Importance of sample size on the quality and utility of AI-based prediction models for healthcare.
Riley RD., Ensor J., Snell KIE., Archer L., Whittle R., Dhiman P., Alderman J., Liu X., Kirton L., Manson-Whitton J., van Smeden M., Moons KG., Nirantharakumar K., Cazier J-B., Denniston AK., Calster BV., Collins GS.
Rigorous study design and analytical standards are required to generate reliable findings in healthcare from artificial intelligence (AI) research. One crucial but often overlooked aspect is the determination of appropriate sample sizes for studies developing AI-based prediction models for individual diagnosis or prognosis. Specifically, the number of participants and outcome events required in datasets for model training and evaluation remains inadequately addressed.

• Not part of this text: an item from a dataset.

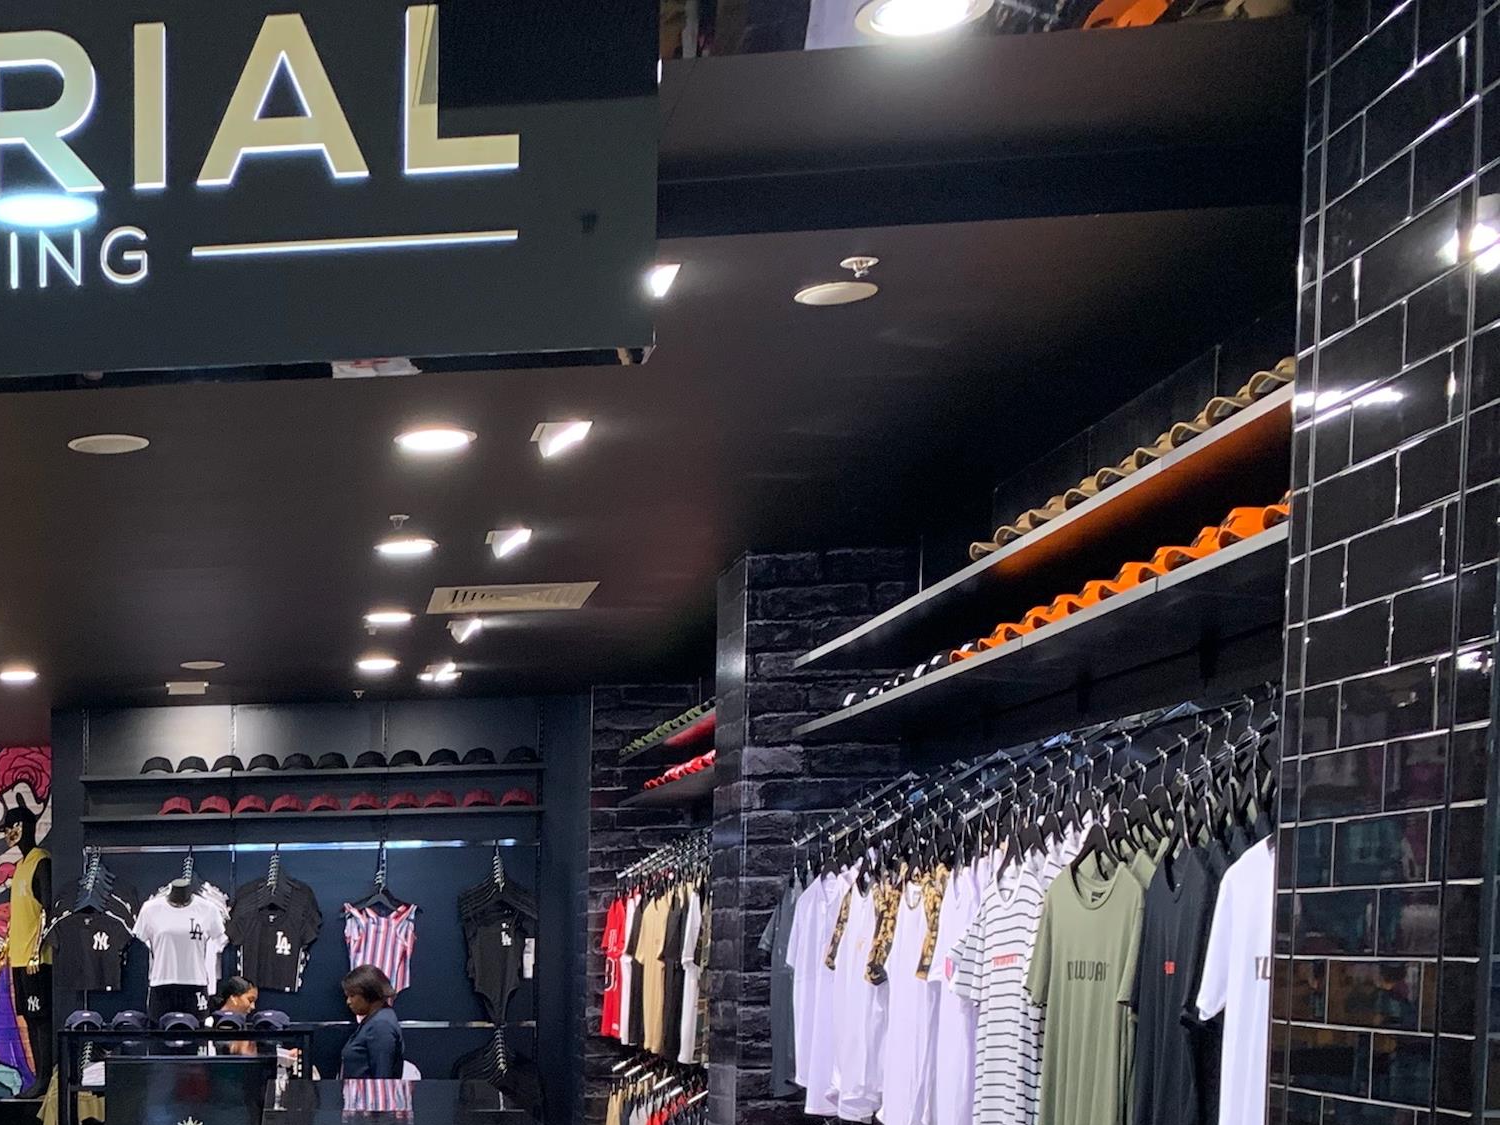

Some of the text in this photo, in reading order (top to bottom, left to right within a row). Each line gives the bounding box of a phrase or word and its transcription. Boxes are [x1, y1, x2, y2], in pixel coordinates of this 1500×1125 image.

Most AI studies do not provide a rationale for their chosen sample sizes and frequently rely on datasets that are inadequate for training or evaluating a clinical prediction model. Among the ten principles of Good Machine Learning Practice established by the US Food and Drug Administration, the UK Medicines and Healthcare products Regulatory Agency, and Health Canada, guidance on sample size is directly relevant to at least three principles. To reinforce this recommendation, we outline seven reasons why inadequate sample size negatively affects model training, evaluation, and performance. Using a range of examples, we illustrate these issues and discuss the potentially harmful consequences for patient care and clinical adoption. Additionally, we address challenges associated with increasing sample sizes in AI research and highlight existing approaches and software for calculating the minimum sample sizes required for model training and evaluation.